Aedion pegou as palavras, também. Minha rainha.
Os dois príncipes se encararam, um de ouro e outro de prata, um seu irmão gêmeo e um ligado a sua alma. Não havia nada amigável nos olhares, nada humano, eram dois machos feéricos travados em alguma batalha de dominação tácita.
Ela se inclinou contra a pia.
— Se vocês entrarão em uma competição de urinar, podem, pelo menos, fazê-la no telhado?
Rowan olhou para ela, sobrancelhas erguidas. Mas foi Aedion quem respondeu:
— Ela diz que não somos melhores do que os cães, então eu não ficaria surpreso se ela realmente acreditasse que nós mijaríamos em seus móveis.
Rowan não sorriu, embora tenha inclinado a cabeça para o lado e cheirado.
— Aedion precisa de um banho, também, eu sei — disse ela. — Ele insistiu em fumar um cachimbo na taverna. Disse que dava a ele um ar de dignidade.

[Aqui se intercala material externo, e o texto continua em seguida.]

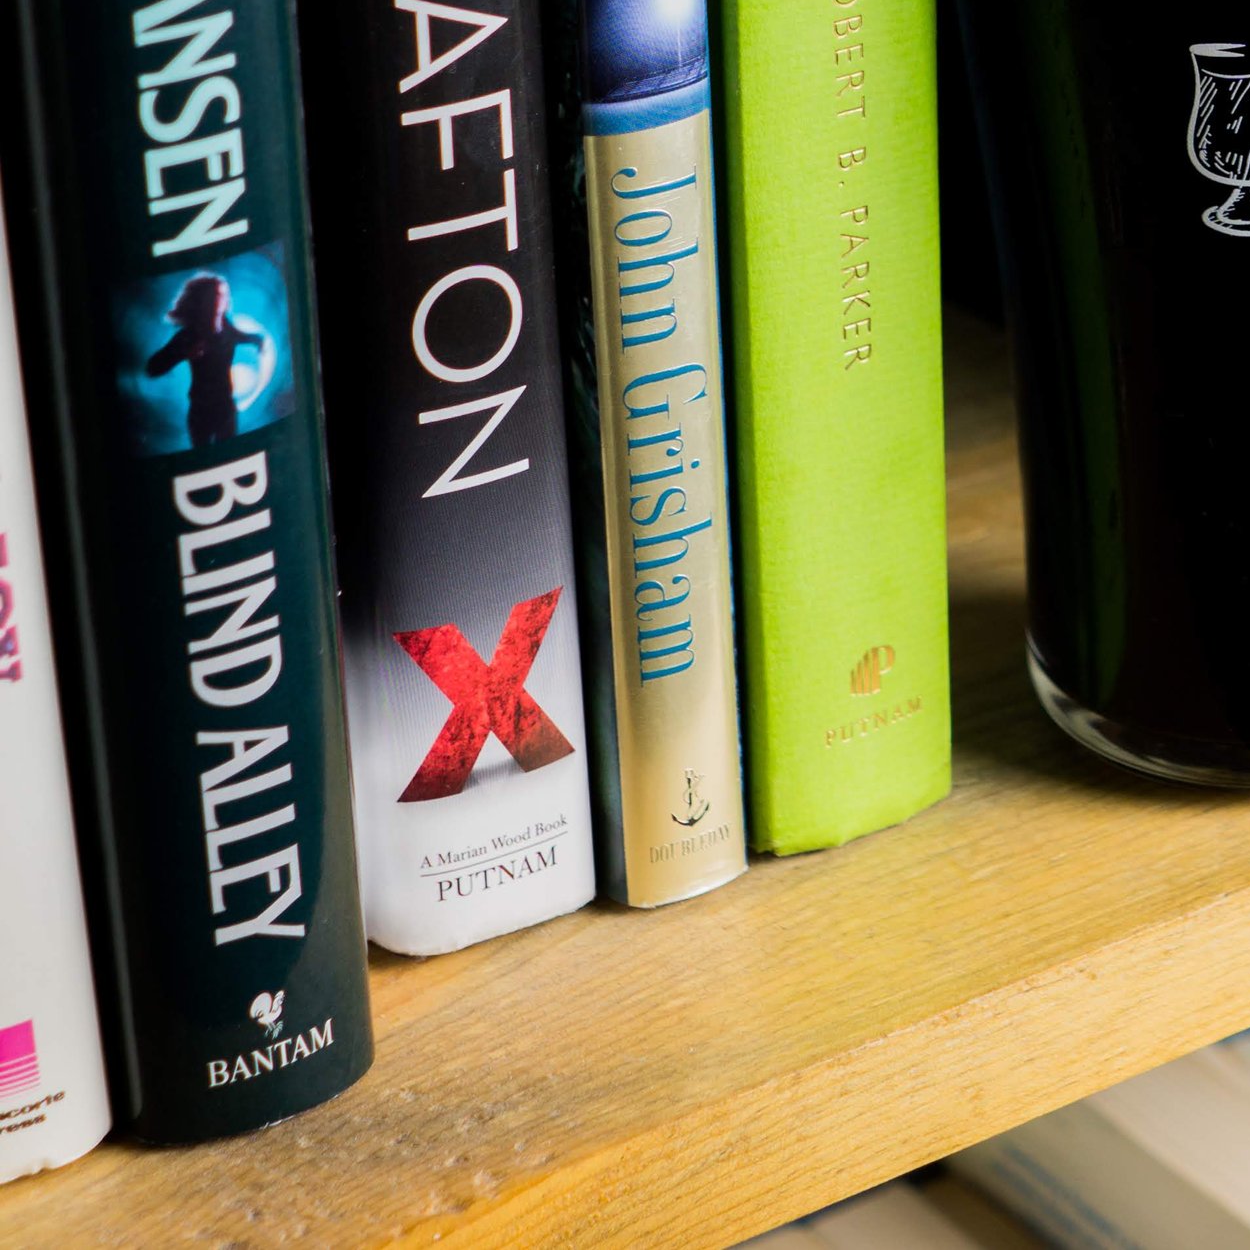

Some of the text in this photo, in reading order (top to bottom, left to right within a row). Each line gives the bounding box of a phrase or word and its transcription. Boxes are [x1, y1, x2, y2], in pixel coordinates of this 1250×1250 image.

A cabeça de Rowan ainda estava inclinada quando perguntou:
— Suas mães eram primas, príncipe, mas quem o gerou?
Aedion descansava em sua cadeira.
— Isso importa?
— Você sabe? — Rowan pressionou.
Aedion deu de ombros.
— Ela nunca me contou – não contou a ninguém.
— Suponho que você tenha alguma ideia? — perguntou Aelin.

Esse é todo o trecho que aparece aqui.